#### Input records ####
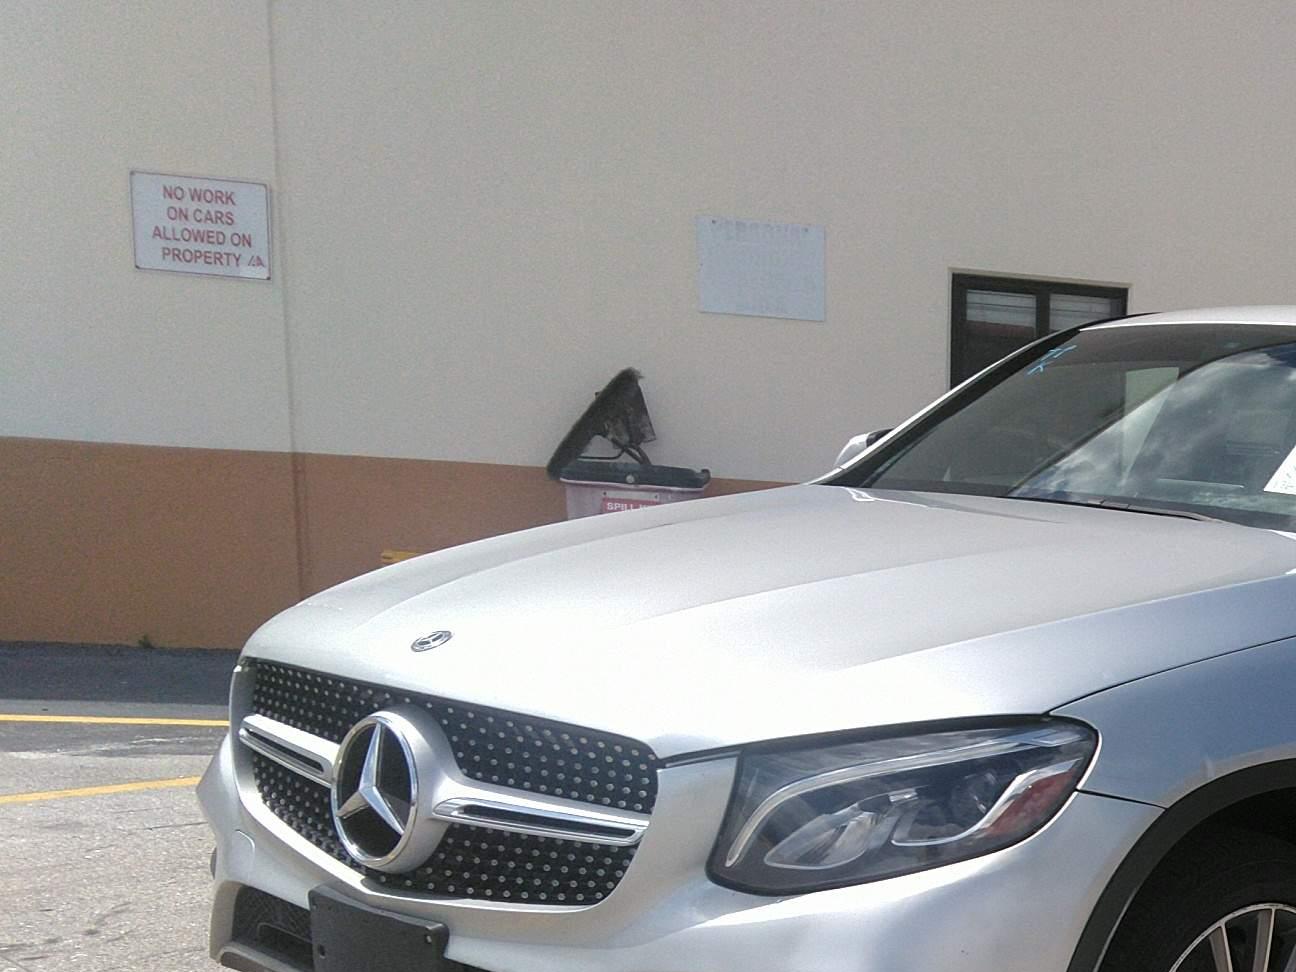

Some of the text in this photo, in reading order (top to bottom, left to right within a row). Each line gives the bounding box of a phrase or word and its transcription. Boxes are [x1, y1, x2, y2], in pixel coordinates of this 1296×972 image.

[162, 185, 236, 205] NO WORK
[167, 206, 234, 226] ON CARS
[152, 225, 252, 248] ALLOWED ON
[162, 247, 241, 267] PROPERTY
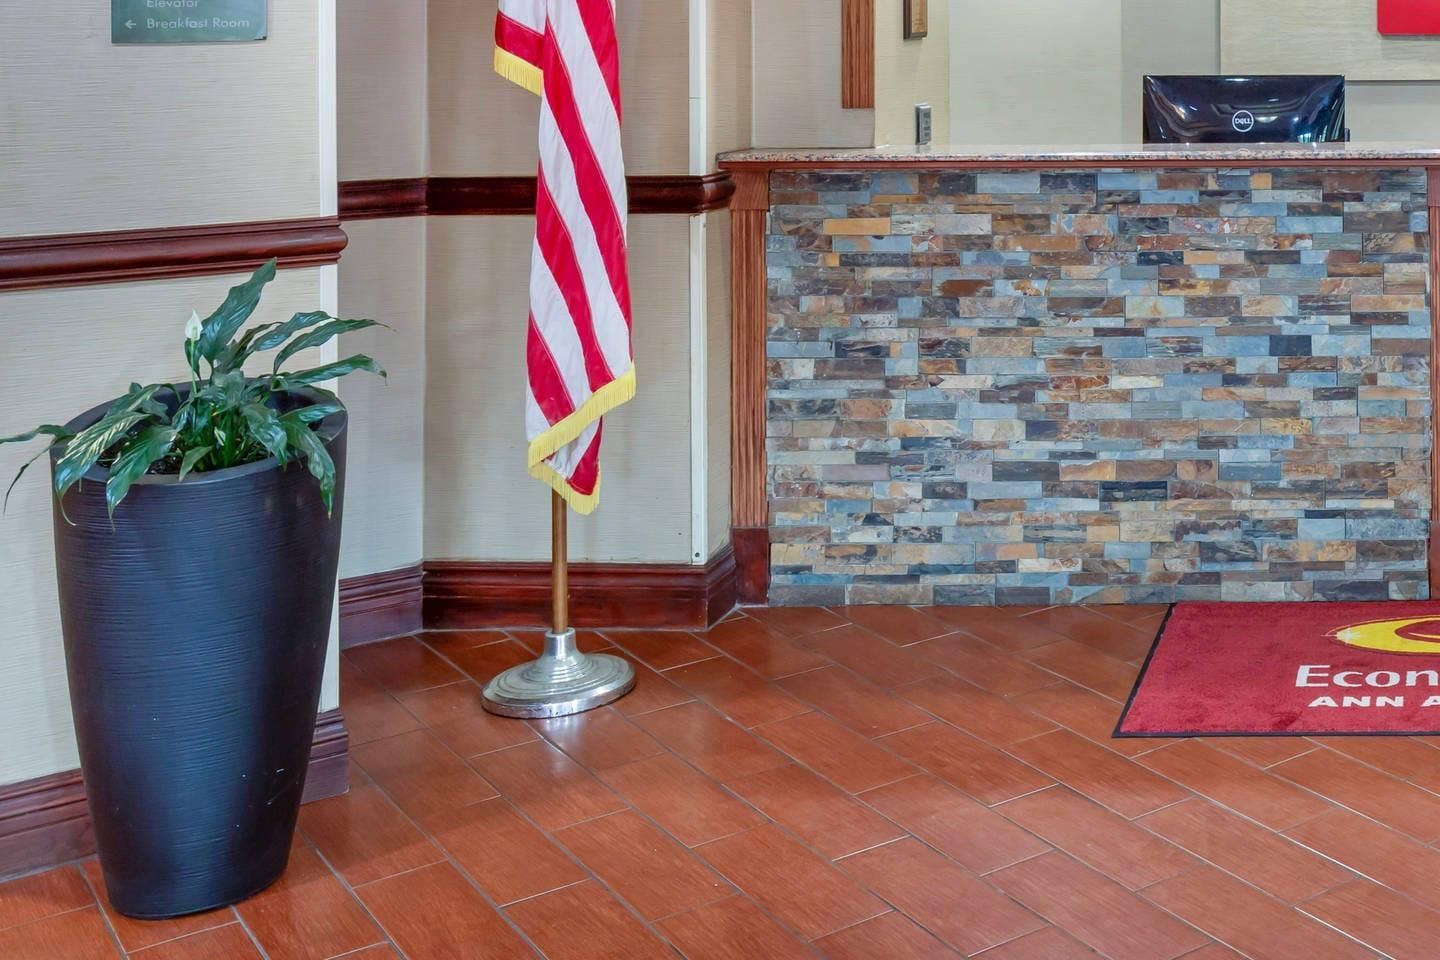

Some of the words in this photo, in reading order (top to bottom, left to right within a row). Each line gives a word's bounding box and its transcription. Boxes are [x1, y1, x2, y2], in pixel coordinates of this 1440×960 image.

[146, 17, 209, 29] Breakfast
[213, 17, 250, 28] Room
[1308, 695, 1404, 708] ANN
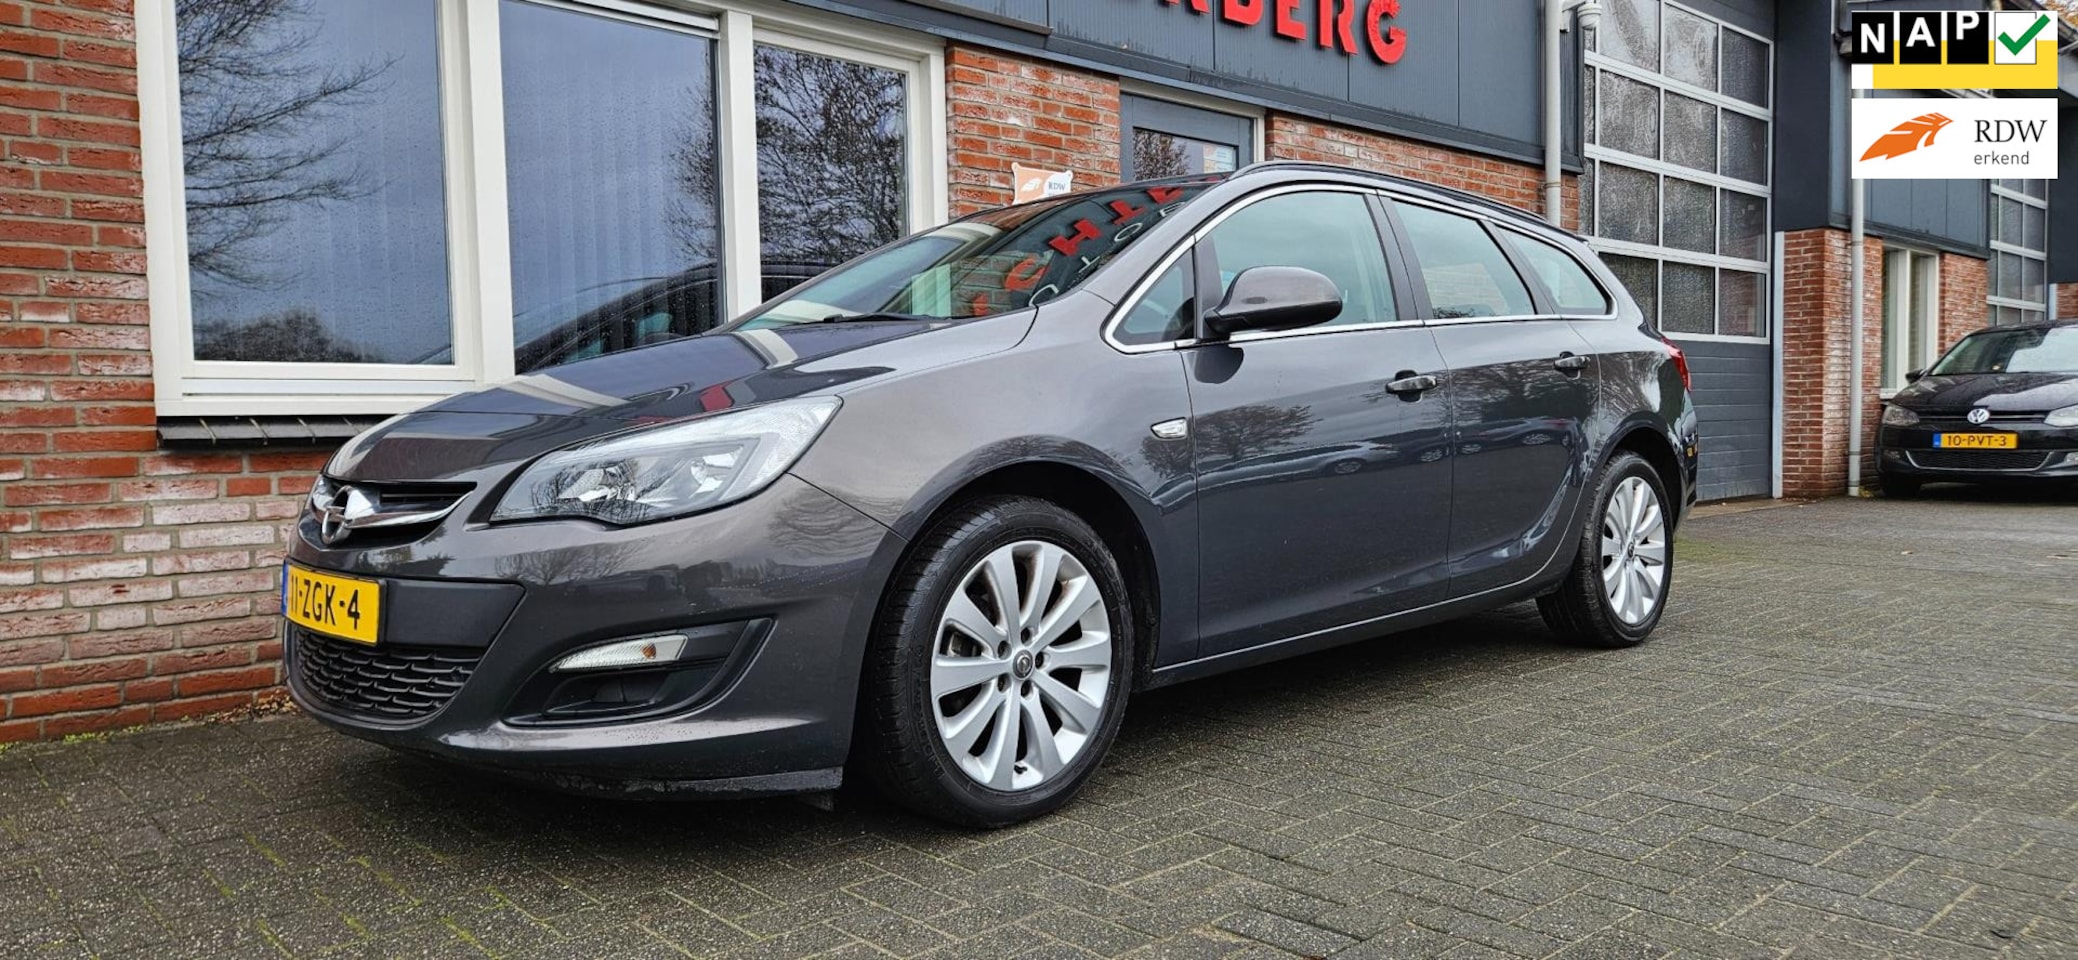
####
§ Exercise prompt: Copy all the entries above exactly as they stand, except for the pictures.

§ Exercise response:
Some of the text in this photo, in reading order (top to bottom, left to right within a row). Each line gives the bounding box of a phrase or word and its transcription. Boxes are [x1, y1, x2, y2], in pixel coordinates of this 1296×972 image.

[162, 185, 236, 205] NO WORK
[167, 206, 234, 226] ON CARS
[152, 225, 252, 248] ALLOWED ON
[162, 247, 241, 267] PROPERTY

Some of the words in this photo, in reading order (top to bottom, left to right within a row). Each line gives a word's bounding box and its transcription. Boxes are [x1, y1, x2, y2], in pixel coordinates of this 1440×960 image.

[146, 17, 209, 29] Breakfast
[213, 17, 250, 28] Room
[1308, 695, 1404, 708] ANN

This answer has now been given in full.